INPUT DATA: Begin
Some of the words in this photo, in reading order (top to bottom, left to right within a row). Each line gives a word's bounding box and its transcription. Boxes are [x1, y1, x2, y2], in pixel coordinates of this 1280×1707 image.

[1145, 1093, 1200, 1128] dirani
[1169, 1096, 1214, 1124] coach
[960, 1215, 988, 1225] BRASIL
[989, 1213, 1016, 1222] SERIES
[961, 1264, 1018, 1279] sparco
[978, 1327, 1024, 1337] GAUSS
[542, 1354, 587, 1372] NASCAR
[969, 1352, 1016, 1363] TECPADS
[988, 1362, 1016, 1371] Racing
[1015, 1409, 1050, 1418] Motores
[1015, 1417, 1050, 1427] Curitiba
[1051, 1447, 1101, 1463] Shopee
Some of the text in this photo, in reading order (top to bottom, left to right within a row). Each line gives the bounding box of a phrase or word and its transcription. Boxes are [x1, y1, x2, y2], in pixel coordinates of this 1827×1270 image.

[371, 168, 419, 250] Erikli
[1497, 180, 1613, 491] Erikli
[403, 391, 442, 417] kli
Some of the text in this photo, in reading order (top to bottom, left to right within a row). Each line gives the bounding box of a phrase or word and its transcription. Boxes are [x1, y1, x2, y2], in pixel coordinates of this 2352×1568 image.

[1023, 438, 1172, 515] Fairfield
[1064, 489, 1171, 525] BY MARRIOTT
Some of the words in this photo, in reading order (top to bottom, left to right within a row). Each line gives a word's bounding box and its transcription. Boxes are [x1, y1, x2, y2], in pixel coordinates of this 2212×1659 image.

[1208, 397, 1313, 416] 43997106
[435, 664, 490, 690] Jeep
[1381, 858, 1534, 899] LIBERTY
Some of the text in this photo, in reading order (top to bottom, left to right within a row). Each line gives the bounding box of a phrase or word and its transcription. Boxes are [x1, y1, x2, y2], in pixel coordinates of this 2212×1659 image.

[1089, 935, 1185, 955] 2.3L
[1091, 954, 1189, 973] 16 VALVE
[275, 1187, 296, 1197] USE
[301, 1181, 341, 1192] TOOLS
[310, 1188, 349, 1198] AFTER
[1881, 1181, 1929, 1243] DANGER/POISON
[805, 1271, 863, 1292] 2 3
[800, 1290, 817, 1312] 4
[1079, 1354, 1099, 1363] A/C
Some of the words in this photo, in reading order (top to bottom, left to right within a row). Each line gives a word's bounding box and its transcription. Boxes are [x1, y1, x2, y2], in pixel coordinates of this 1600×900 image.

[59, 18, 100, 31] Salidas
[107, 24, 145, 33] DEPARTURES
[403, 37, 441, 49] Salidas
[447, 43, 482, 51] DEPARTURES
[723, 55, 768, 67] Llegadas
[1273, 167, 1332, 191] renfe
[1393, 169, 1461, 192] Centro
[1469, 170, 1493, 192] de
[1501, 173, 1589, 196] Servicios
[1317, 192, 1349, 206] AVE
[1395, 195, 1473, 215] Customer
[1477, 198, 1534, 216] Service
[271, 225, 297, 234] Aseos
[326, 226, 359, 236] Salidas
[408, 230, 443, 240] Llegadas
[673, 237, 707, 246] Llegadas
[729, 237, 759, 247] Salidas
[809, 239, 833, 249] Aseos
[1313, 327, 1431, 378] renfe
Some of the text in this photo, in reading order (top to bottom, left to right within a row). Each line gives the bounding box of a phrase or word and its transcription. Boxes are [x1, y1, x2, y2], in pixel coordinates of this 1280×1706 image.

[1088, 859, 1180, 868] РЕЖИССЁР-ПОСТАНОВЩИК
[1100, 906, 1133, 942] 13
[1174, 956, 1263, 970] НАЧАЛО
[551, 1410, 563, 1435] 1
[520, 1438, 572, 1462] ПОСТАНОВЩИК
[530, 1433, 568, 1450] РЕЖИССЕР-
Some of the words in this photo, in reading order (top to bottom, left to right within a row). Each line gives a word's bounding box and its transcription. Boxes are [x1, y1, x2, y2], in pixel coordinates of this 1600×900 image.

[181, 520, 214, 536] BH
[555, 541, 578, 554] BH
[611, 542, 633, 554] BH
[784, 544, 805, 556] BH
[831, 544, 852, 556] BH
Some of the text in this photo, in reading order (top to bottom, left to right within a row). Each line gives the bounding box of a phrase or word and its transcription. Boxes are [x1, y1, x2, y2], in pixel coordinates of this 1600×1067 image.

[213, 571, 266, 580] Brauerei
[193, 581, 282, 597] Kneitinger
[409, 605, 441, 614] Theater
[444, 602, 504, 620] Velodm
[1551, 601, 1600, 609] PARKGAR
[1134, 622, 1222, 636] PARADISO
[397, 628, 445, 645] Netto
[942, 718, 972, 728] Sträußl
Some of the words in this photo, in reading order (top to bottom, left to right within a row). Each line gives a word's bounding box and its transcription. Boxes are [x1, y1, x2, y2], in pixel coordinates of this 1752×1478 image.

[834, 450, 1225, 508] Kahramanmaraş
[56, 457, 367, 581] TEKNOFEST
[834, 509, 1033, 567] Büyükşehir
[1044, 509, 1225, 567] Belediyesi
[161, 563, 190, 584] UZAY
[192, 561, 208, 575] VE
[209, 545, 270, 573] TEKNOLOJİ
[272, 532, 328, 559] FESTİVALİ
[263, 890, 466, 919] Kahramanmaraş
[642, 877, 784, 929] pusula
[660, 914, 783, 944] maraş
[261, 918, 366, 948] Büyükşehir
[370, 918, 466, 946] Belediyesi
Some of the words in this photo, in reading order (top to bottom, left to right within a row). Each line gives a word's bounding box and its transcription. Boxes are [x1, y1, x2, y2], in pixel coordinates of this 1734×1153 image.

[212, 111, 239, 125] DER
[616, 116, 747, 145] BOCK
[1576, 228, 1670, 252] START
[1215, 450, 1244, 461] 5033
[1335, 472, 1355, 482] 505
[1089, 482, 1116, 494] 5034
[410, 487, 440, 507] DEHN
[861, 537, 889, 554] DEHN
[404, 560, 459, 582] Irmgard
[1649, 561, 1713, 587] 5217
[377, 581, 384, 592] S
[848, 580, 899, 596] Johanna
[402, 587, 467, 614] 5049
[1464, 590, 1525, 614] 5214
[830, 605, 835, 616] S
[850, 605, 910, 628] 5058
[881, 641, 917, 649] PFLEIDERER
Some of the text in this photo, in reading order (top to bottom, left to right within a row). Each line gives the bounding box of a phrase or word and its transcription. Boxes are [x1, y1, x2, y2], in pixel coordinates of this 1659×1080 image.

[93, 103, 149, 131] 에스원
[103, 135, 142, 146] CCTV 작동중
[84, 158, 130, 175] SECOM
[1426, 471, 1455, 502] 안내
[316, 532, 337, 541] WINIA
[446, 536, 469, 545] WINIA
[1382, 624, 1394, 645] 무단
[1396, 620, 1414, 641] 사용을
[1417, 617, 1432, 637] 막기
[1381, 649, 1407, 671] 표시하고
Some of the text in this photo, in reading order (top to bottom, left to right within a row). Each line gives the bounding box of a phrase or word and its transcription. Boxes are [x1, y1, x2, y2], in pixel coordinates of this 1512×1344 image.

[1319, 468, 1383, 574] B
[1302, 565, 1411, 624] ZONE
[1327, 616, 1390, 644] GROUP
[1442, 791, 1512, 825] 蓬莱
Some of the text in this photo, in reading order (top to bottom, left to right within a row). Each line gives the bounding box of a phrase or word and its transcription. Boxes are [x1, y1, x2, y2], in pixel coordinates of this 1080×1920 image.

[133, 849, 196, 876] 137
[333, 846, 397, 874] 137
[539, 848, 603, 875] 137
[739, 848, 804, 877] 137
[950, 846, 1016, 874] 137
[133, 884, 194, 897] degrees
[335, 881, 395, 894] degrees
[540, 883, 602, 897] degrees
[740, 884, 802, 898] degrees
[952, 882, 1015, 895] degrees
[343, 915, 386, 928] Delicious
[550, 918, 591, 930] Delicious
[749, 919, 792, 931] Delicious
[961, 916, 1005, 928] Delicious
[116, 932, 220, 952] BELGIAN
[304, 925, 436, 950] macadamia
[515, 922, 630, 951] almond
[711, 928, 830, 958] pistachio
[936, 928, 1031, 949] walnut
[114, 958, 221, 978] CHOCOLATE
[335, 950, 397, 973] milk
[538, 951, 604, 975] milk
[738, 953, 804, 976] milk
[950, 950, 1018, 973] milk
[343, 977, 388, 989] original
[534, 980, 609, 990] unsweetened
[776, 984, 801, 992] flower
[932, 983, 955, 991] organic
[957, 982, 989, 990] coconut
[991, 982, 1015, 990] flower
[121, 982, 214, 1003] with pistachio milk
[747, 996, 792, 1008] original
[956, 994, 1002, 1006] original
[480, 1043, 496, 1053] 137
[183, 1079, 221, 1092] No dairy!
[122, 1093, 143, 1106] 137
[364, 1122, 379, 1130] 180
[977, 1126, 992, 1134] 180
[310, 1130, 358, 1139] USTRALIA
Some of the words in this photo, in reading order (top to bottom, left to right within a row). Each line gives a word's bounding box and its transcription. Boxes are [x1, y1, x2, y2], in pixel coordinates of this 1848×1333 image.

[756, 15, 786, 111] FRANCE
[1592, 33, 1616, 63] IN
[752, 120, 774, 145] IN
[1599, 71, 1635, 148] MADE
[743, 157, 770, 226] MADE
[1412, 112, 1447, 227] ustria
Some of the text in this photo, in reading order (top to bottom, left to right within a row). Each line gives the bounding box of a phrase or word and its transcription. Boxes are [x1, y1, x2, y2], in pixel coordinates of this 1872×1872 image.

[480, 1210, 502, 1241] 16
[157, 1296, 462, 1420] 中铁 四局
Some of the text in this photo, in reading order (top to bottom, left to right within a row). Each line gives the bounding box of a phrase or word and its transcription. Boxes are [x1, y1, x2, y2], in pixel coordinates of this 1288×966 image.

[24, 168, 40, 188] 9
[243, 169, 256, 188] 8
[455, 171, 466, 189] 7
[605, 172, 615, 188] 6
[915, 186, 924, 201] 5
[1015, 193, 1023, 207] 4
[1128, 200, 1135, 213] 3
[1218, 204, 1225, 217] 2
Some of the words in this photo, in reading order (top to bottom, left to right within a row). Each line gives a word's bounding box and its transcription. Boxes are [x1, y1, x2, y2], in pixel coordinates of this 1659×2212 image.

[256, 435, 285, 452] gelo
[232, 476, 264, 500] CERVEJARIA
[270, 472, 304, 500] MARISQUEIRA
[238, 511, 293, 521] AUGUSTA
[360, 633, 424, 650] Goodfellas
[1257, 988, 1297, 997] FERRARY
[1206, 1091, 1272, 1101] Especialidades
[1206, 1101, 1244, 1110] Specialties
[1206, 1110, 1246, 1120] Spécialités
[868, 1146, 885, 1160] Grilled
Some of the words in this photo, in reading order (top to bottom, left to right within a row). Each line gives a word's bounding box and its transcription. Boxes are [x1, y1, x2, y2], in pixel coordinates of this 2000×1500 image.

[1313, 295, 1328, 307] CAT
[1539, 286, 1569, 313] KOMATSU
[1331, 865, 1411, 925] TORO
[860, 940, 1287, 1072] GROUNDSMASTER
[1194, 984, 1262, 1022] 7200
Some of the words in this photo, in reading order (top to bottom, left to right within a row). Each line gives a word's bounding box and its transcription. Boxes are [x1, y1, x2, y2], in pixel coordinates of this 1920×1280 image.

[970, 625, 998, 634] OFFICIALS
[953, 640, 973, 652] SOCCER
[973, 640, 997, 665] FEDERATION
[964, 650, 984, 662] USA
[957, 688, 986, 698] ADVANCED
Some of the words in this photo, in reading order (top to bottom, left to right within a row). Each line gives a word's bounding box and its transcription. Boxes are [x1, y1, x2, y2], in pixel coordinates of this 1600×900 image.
INPUT DATA: End
— THE TASK —
Print precisely the lines from the one with "this 1659×2212 image." through the end of the data above, adding nothing.

— YOUR SOLUTION —
Some of the words in this photo, in reading order (top to bottom, left to right within a row). Each line gives a word's bounding box and its transcription. Boxes are [x1, y1, x2, y2], in pixel coordinates of this 1659×2212 image.

[256, 435, 285, 452] gelo
[232, 476, 264, 500] CERVEJARIA
[270, 472, 304, 500] MARISQUEIRA
[238, 511, 293, 521] AUGUSTA
[360, 633, 424, 650] Goodfellas
[1257, 988, 1297, 997] FERRARY
[1206, 1091, 1272, 1101] Especialidades
[1206, 1101, 1244, 1110] Specialties
[1206, 1110, 1246, 1120] Spécialités
[868, 1146, 885, 1160] Grilled
Some of the words in this photo, in reading order (top to bottom, left to right within a row). Each line gives a word's bounding box and its transcription. Boxes are [x1, y1, x2, y2], in pixel coordinates of this 2000×1500 image.

[1313, 295, 1328, 307] CAT
[1539, 286, 1569, 313] KOMATSU
[1331, 865, 1411, 925] TORO
[860, 940, 1287, 1072] GROUNDSMASTER
[1194, 984, 1262, 1022] 7200
Some of the words in this photo, in reading order (top to bottom, left to right within a row). Each line gives a word's bounding box and its transcription. Boxes are [x1, y1, x2, y2], in pixel coordinates of this 1920×1280 image.

[970, 625, 998, 634] OFFICIALS
[953, 640, 973, 652] SOCCER
[973, 640, 997, 665] FEDERATION
[964, 650, 984, 662] USA
[957, 688, 986, 698] ADVANCED
Some of the words in this photo, in reading order (top to bottom, left to right within a row). Each line gives a word's bounding box and its transcription. Boxes are [x1, y1, x2, y2], in pixel coordinates of this 1600×900 image.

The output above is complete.